Rachel Hazan, PhD
Associate Professor of Pathology
2012-2013 BCRF Project:
The First Step Award, made possible by generous support from QVC and the Fashion Footwear Charitable Foundation
Albert Einstein College of Medicine
Bronx, New York
Co-Investigator: Larry Norton, MD
, Memorial Sloan-Kettering Cancer Center, New York, NY
Drs. Rachel Hazan and Larry Norton’s project focuses on the N-cadherin molecule, which is often found to be hyperactive in aggressive breast cancers. N-cadherin in breast cancers, driven by the Her2/neu oncogene, causes tumor cells to become more metastatic. Drs. Hazan and Norton observed in the laboratory that this molecule stimulates the spread of cancer cells -- a finding that implies the targeting of N-cadherin might prevent the spread of tumor cells, and new therapies could be developed. Since relatively little is known about N-cadherin and its functions, this team set out to delineate the exact mechanisms of N-cadherin action on breast cancer metastasis. Their ultimate aim is to turn that information into new clinical strategies for metastasis prevention.
Drs. Hazan and Norton began their research with the hypothesis that N-cadherin promotes metastasis at two levels, by increasing the invasiveness of tumor cells and by providing access to blood vessels, which serve as an energy source fueling cancer growth. They sought to demonstrate in the laboratory setting that each mechanism depends on a different part of the N-cadherin protein and to map out key biological processes leading to malignant progression. Drs. Hazan and Norton have now collected evidence suggesting that N-cadherin can not only change a benign tumor cell into an aggressive one capable of healthy tissue invasion by activating critical metastatic cellular pathways but may also be a possible cause for resistance to the widely-used drug, Herceptin® (trastuzumab).
In 2012-2013, Drs. Hazan and Norton will continue to characterize the effects of N-cadherin on ErbB2/ErbB3 signaling, which is found to be hyper-activated in a subtype of breast cancer called HER2 positive disease, for which the targeted therapies Herceptin® (trastuzumab) and Tykerb® (lapatinib) were developed. This team's data to date suggest that N-cadherin may trigger resistance to this type of therapy. They will compare cell lines that have shown to be resistant to either Herceptin or Tykerb and determine whether these cell lines differ in their N-cadherin expression. The researchers will also test whether inhibiting the functions of N-cadherin would make these two targeted therapies effective again.
Mid-year Progress: Drs. Hazan and Norton's team found that a subset of breast cancers expresses N-cadherin and the FGF receptor (FGFR) in the context of HER2/neu. This causes tumor cells to behave like cancer stem cells and produce more metastatic cells. The researchers have found that FGFR inhibition is effective in attenuating HER2 positive metastatic tumors, but they predict that the combination of an FGFR inhibitor together with an HER2 inhibitor, such as lapatinib or trastuzumab, would more efficacious in subsiding aggressive breast tumors. Their study will continue to focus on these aspects of HER2 tumor biology.
Dr. Rachel Hazan received her PhD from George Washington University in 1990. She accomplished her thesis work in the laboratory of Dr. Joseph Schlessinger where she studied the role of Her2/neu signal transduction in breast cancer. During this work, she characterized the tyrosine phosphorylation sites on Her2/neu and generated a panel of monoclonal antibodies against HER2/neu which were successful in suppressing breast cancer cell growth and transformation.

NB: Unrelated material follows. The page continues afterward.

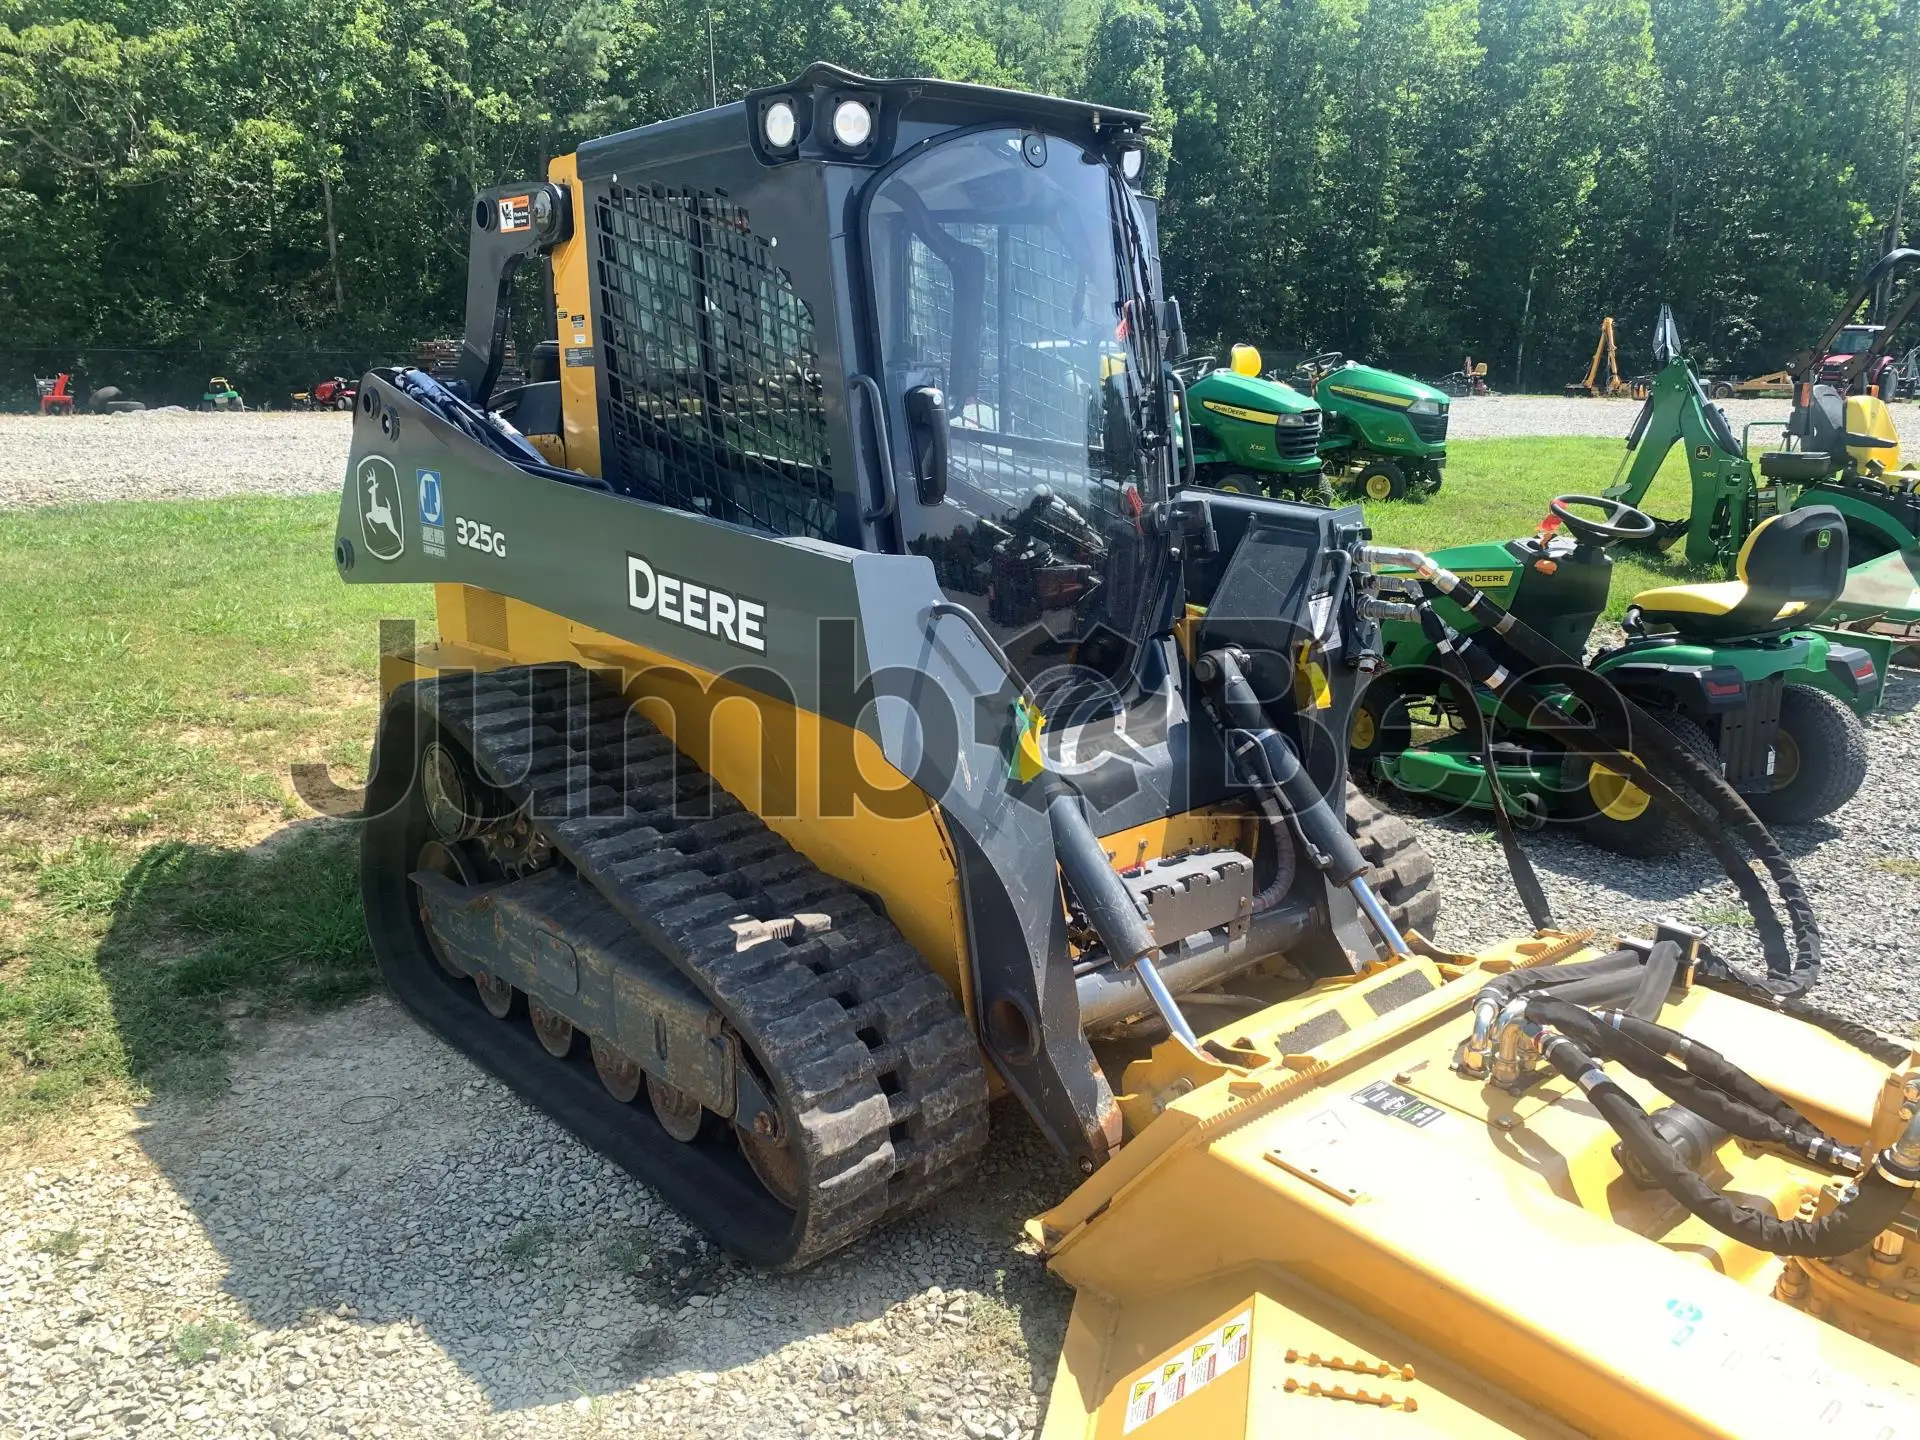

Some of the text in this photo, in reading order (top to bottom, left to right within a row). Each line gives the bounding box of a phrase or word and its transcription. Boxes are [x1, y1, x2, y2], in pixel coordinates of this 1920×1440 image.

[1212, 404, 1248, 416] JOHN DEERE
[455, 515, 506, 558] 325G
[1474, 574, 1505, 582] DEERE
[627, 555, 767, 653] DEERE

She then joined the laboratory of Dr. Gerald Edelman at Rockfeller University and Scripps Research Institute as a postdoctoral fellow to learn about adhesion molecules which were just beginning to be implicated in cancer progression. This background served as a basis for her current work in which she is investigating how cadherin adhesion molecules and growth factor receptors cooperate in tumor metastasis.
In 1994, she joined the department of Surgery at Memorial Sloan-Kettering Cancer Center as an Assistant Laboratory Member and initiated work on the role of adhesion molecules in breast cancer. In 1997, she joined Mount-Sinai School of Medicine as an Assistant Professor and in 2003 the Albert Einstein College of Medicine as Associate Professor of Pathology.

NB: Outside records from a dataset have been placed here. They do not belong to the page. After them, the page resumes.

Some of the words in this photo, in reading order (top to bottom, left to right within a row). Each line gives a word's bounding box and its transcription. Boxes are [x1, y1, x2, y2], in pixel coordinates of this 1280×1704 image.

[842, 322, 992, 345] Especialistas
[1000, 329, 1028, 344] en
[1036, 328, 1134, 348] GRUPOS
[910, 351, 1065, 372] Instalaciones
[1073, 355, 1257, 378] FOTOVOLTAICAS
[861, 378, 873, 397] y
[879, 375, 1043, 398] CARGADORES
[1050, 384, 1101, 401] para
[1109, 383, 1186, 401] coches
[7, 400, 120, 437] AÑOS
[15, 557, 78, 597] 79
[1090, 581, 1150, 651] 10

Dr. Hazan found that a neural cadherin, N-cadherin was overexpressed in most invasive and metastatic human breast cancer cell lines and tumors. N-cadherin induces metastasis due to its ability to bind and potentiate signaling by the FGF receptor. She is currently pursuing the genes and downstream signaling pathways that are promoted by the N-cadherin-FGFR axis as well as how N-cadherin adhesive interactions with the host microenvironment also play a role in tumor dissemination. Her current studies involve the use of transgenic breast cancer mouse models in which mammary co-expression of N-cadherin with the PyVmT antigen or the Her2/neu oncogene were found to dramatically increase the metastatic potential of breast cancer cells. These models will serve as a basis to determine the molecular mechanisms underlying N-cadherin metastatic activity and identify targets for translational or therapeutic application in breast cancer.